The statutes mentioned were originally adopted in 1881. See Laws 1881, Chapter 78. At that time Nebraska was thinly populated but a growth in population was becoming apparent, more schools were becoming necessary, and large districts were being split up. The laws then adopted were directed toward requiring that the assets of old school districts be apportioned and shared with the new districts. The statutes remain substantially the same and have not been sufficiently altered to meet *489 all modern conditions. Now the reverse is true. Instead of school districts dividing, they are merging or consolidating. The literal wording of some of the statutes may not specifically require that the annexing districts, into which others are partially merged, be subjected to the plan for apportionment of the assets of the split-up districts. Yet, it is evident that in the event of the division of a school district, the overall intent of the Legislature was to promote an apportionment of the school assets as provided for in section 79-414, R.R.S.1943. Section 79-402, R.S.Supp., 1969, is limited in its disposition of school property to instances of dissolution by petition and section 79-801, R.S.Supp., 1969, appears to be limited, in effect, to the time of organization of a Class III district. If the latter were construed as defendant suggests, it would provide a one-way street whereby the annexing district could strip an adjoining district of its school facilities and property by a partial annexation of its territory. Section 79-414, R.R.S.1943, is apparently designed to cover all instances of partial or complete merging but from a literal standpoint is limited to instances where a new district is created.

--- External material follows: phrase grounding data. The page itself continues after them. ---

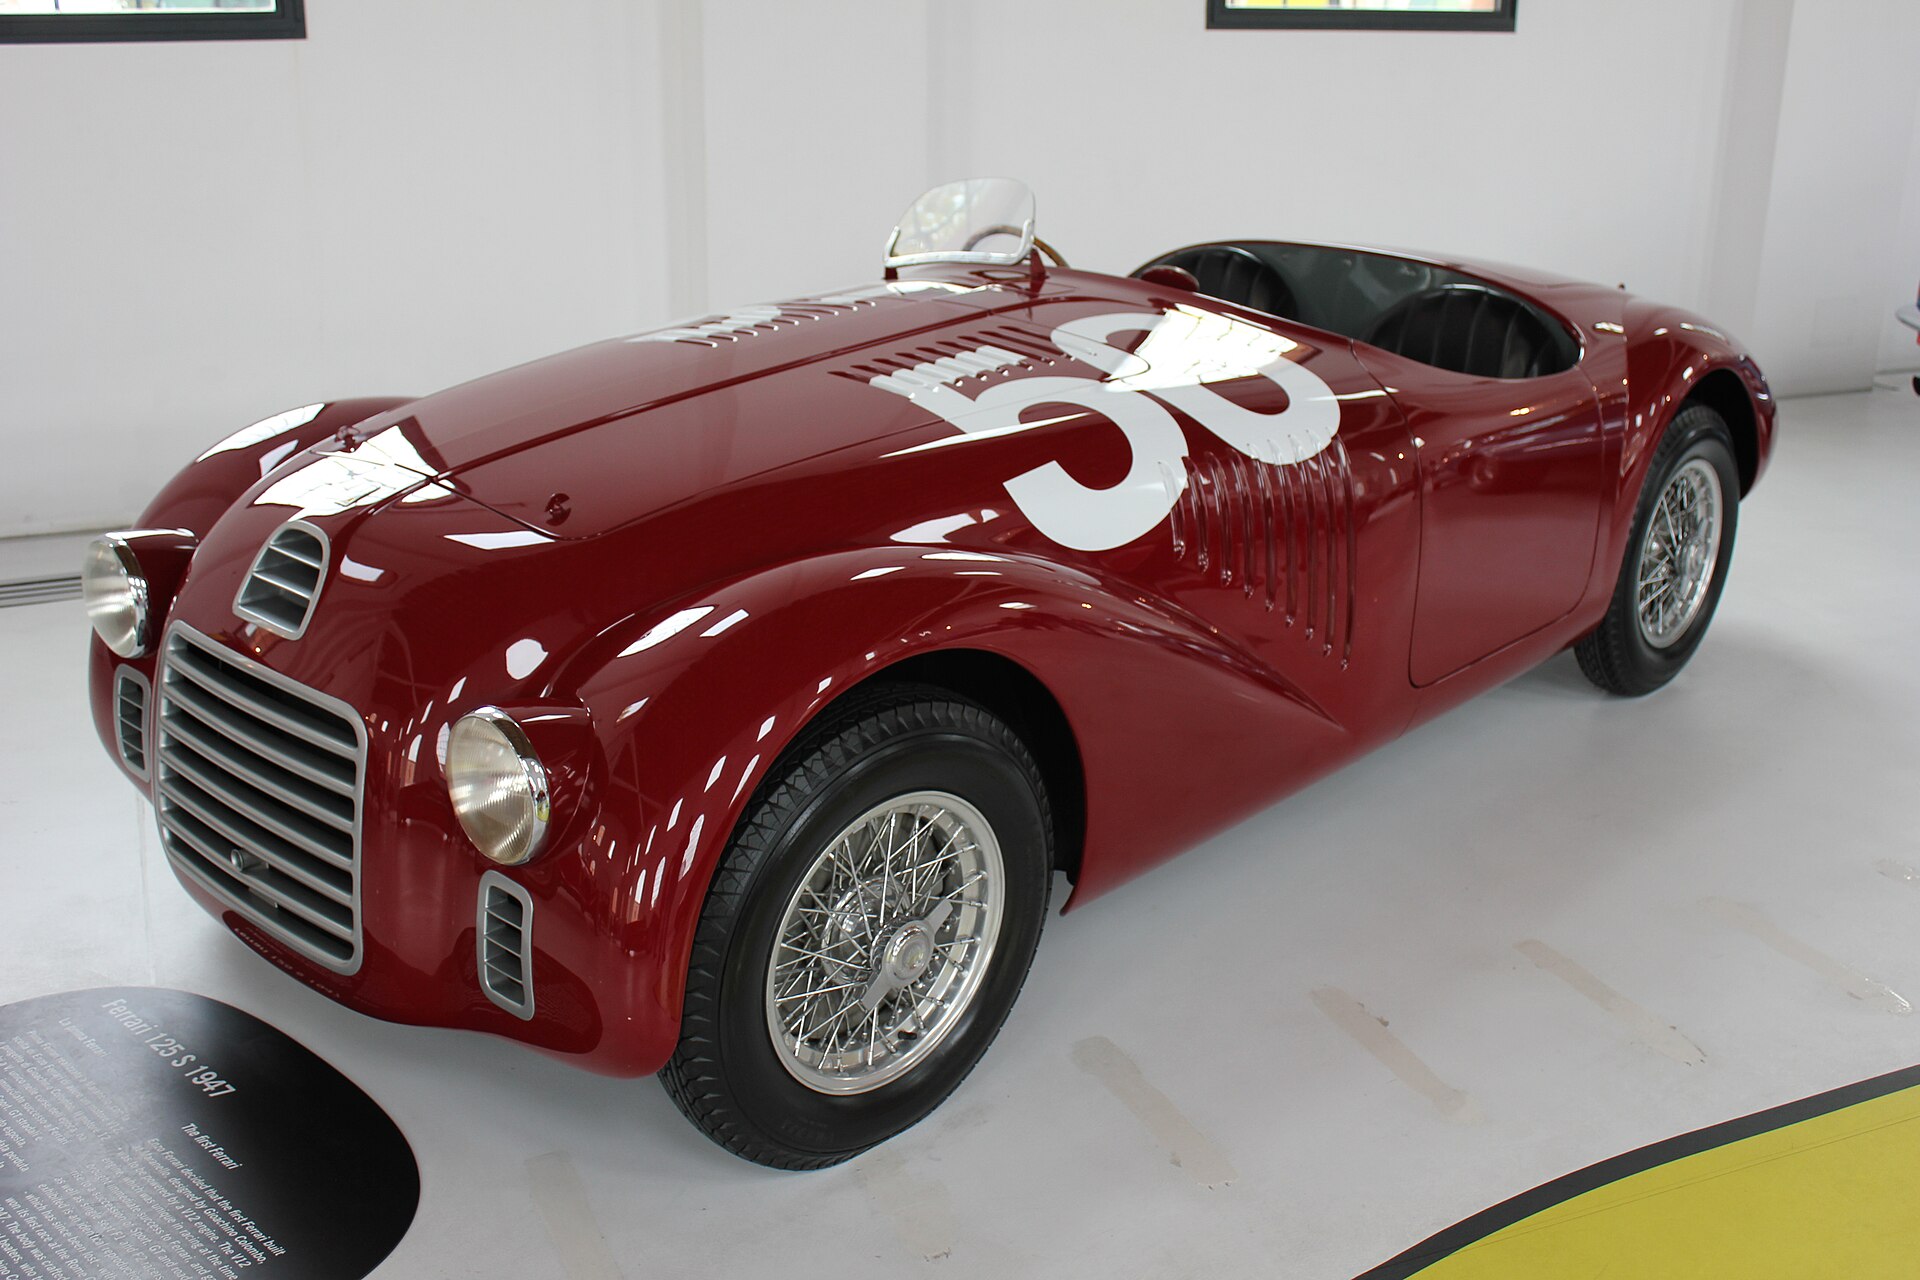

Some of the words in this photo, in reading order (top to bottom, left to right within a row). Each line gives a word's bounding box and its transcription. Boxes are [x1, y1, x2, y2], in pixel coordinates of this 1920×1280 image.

[83, 1038, 111, 1057] Ferrari
[102, 999, 158, 1035] Ferrari
[145, 1033, 185, 1057] 125
[171, 1054, 196, 1067] S
[185, 1066, 236, 1097] 1947
[3, 1151, 29, 1172] perduta
[48, 1127, 72, 1145] Ferrari
[181, 1123, 200, 1137] The
[194, 1135, 217, 1149] first
[209, 1147, 243, 1169] Ferrari
[38, 1184, 70, 1208] exhibited
[68, 1215, 81, 1223] an
[77, 1222, 109, 1248] identical
[141, 1175, 174, 1197] powered
[167, 1196, 180, 1205] by
[181, 1208, 201, 1222] V12
[194, 1222, 219, 1243] engine.
[218, 1241, 234, 1255] The
[231, 1253, 251, 1268] V12
[146, 1138, 165, 1152] Enzo
[161, 1151, 188, 1169] Ferrari
[181, 1168, 211, 1190] decided
[204, 1188, 224, 1201] that
[217, 1200, 232, 1211] the
[228, 1209, 248, 1223] first
[242, 1221, 271, 1241] Ferrari
[263, 1240, 286, 1256] built
[169, 1178, 202, 1201] designed
[195, 1200, 208, 1209] by
[204, 1208, 238, 1236] Gioachino
[235, 1236, 266, 1264] Colombo,
[5, 1197, 21, 1210] won
[16, 1208, 29, 1218] its
[24, 1216, 43, 1230] first
[35, 1229, 53, 1242] race
[48, 1242, 62, 1250] at
[55, 1248, 70, 1260] the
[65, 1258, 87, 1277] Rome
[6, 1221, 21, 1234] The
[16, 1233, 36, 1248] body
[30, 1248, 46, 1260] was
[41, 1260, 70, 1280] crafted
[25, 1194, 48, 1211] which
[41, 1209, 57, 1222] has
[52, 1221, 72, 1237] since
[67, 1236, 86, 1252] been
[82, 1251, 100, 1264] lost
[137, 1212, 164, 1235] success
[160, 1233, 172, 1241] to
[167, 1240, 196, 1263] Ferrari,
[190, 1263, 211, 1275] and
[151, 1203, 176, 1223] unique
[172, 1222, 184, 1230] in
[179, 1230, 204, 1249] racing
[207, 1254, 222, 1266] the
[20, 1263, 37, 1276] who
[149, 1245, 166, 1254] GT
[158, 1255, 178, 1267] and
[171, 1267, 193, 1280] road

All this would indicate that the common law governs in the present instance, but it appears the intent of the Legislature was to override the common law and provide a different solution in all instances. We are therefore convinced that in major cases of partial merger or annexation, where not otherwise specifically directed, it was the legislative intent to require an apportionment of assets as indicated in section 79-414, R.R.S.1943. When the literal wording of a statute leads to an absurdity, or to an illogical or unjust conclusion, the intention of the Legislature, as gathered from the entire act, will prevail. See, Ray v. School District of Lincoln, 105 Neb. 456, 181 N.W. 140; Halstead v. Rozmiarek, 167 Neb. 652, 94 N.W.2d 37. The real intent of the Legislature when ascertained will always prevail over the literal sense of the language used in a statute. See State ex rel. Davis v. Farmers' State Bank, 112 Neb. 597, 200 N.W. 173. In construing a statute, the court must look to the object to be accomplished, the evils and mischief sought to be remedied, or the purpose to be subserved, and place on it a reasonable or liberal construction which will best effect its purpose rather than one which will defeat it. Johnson v. School Dist. of Wakefield, 181 Neb. 372, 148 N.W.2d 592.

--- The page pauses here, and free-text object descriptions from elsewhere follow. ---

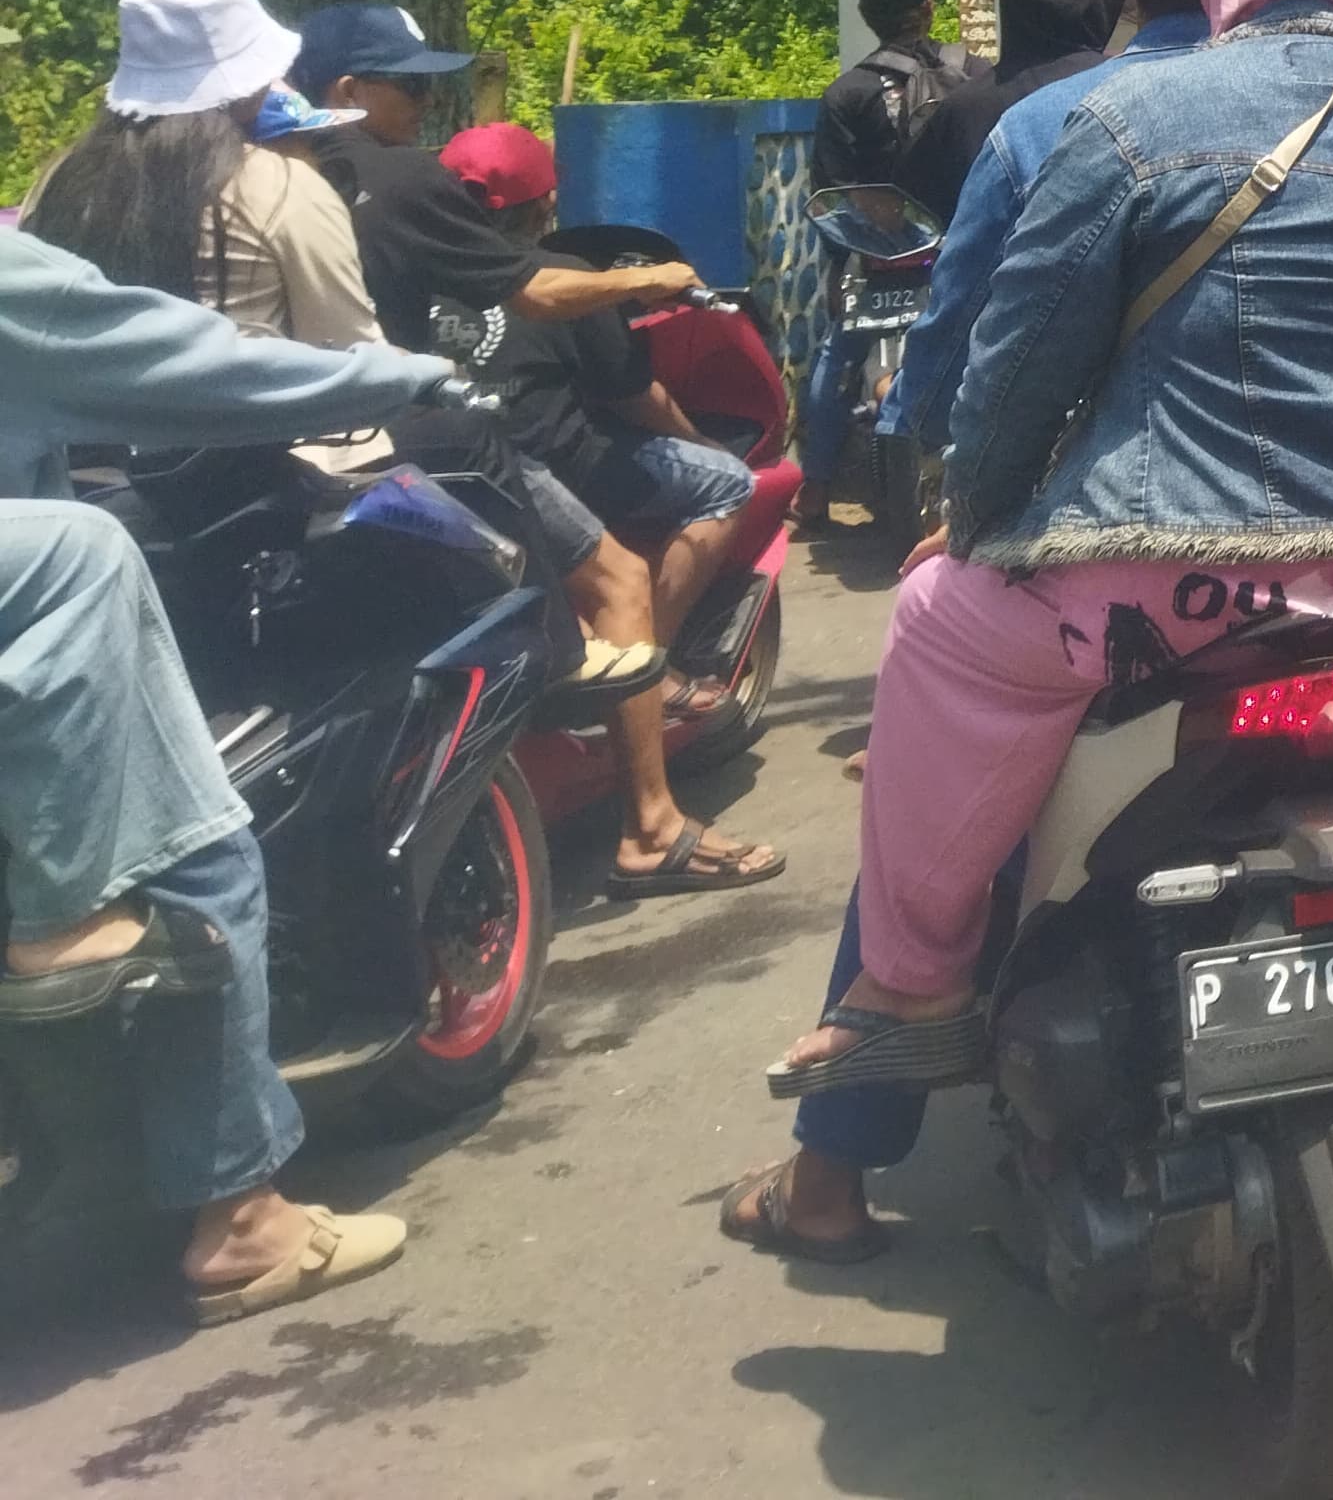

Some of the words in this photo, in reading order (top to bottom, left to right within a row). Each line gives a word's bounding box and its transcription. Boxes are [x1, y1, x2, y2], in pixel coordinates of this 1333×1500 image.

[845, 295, 857, 313] P
[871, 290, 915, 310] 3122
[1194, 973, 1222, 1027] P
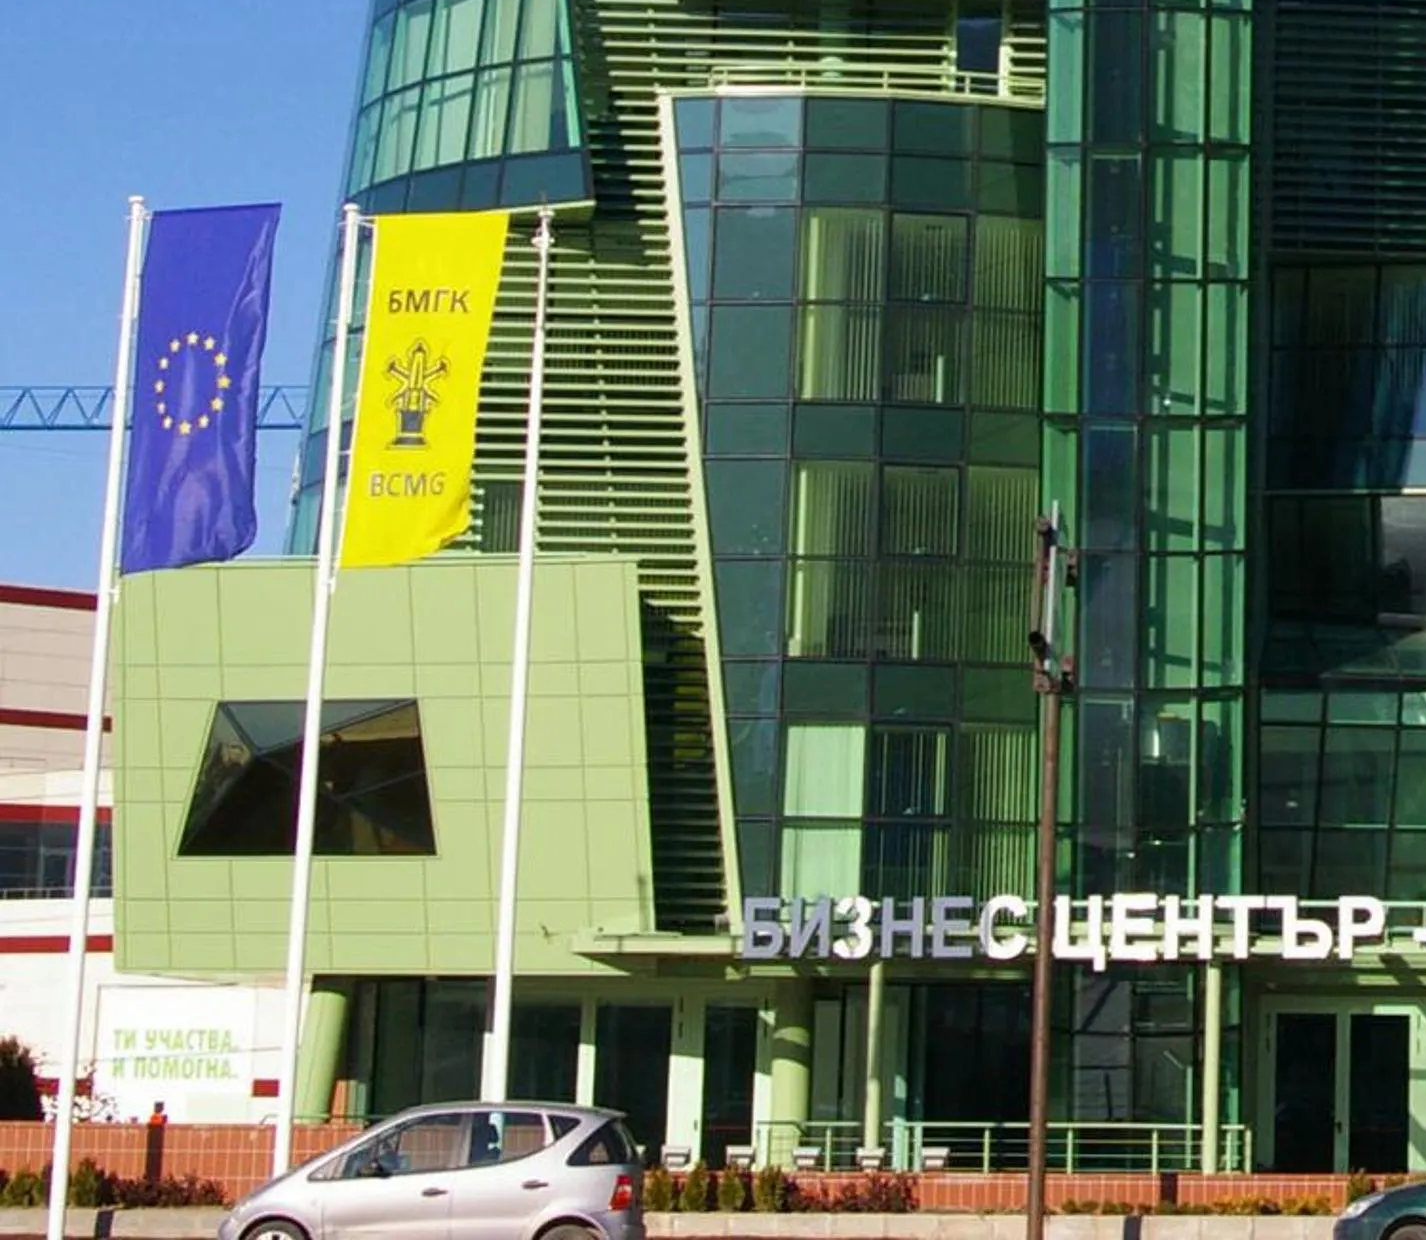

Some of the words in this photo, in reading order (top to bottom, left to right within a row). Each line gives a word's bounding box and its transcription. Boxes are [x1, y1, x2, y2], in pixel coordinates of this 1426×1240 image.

[388, 289, 470, 314] БМГК
[370, 472, 446, 497] BCMG
[743, 895, 1028, 960] БИЗНЕС
[1053, 893, 1386, 972] ЦЕНТЪР
[113, 1030, 137, 1050] ТИ
[112, 1058, 125, 1078] И

The assets, both real and personal, of plaintiff should be ascertained, their value arrived at and apportioned by the district court on the basis of the relative value of the taxable property in the respective parts of former School District No. 74 as now constituted. Indebtedness, other than bonded indebtedness, of School District No. 74, existing at the time the merger became effective, should be taken into account. The real property of School District No. 74, as formerly constituted, which now lies within the boundaries of defendant school district, is awarded to the defendant subject to apportionment of its value as directed. Costs are taxed to defendant.

The judgment of the district court is reversed and the cause remanded for further proceedings as herein directed.

Reversed and remanded with directions.

CARTER, J., not participating.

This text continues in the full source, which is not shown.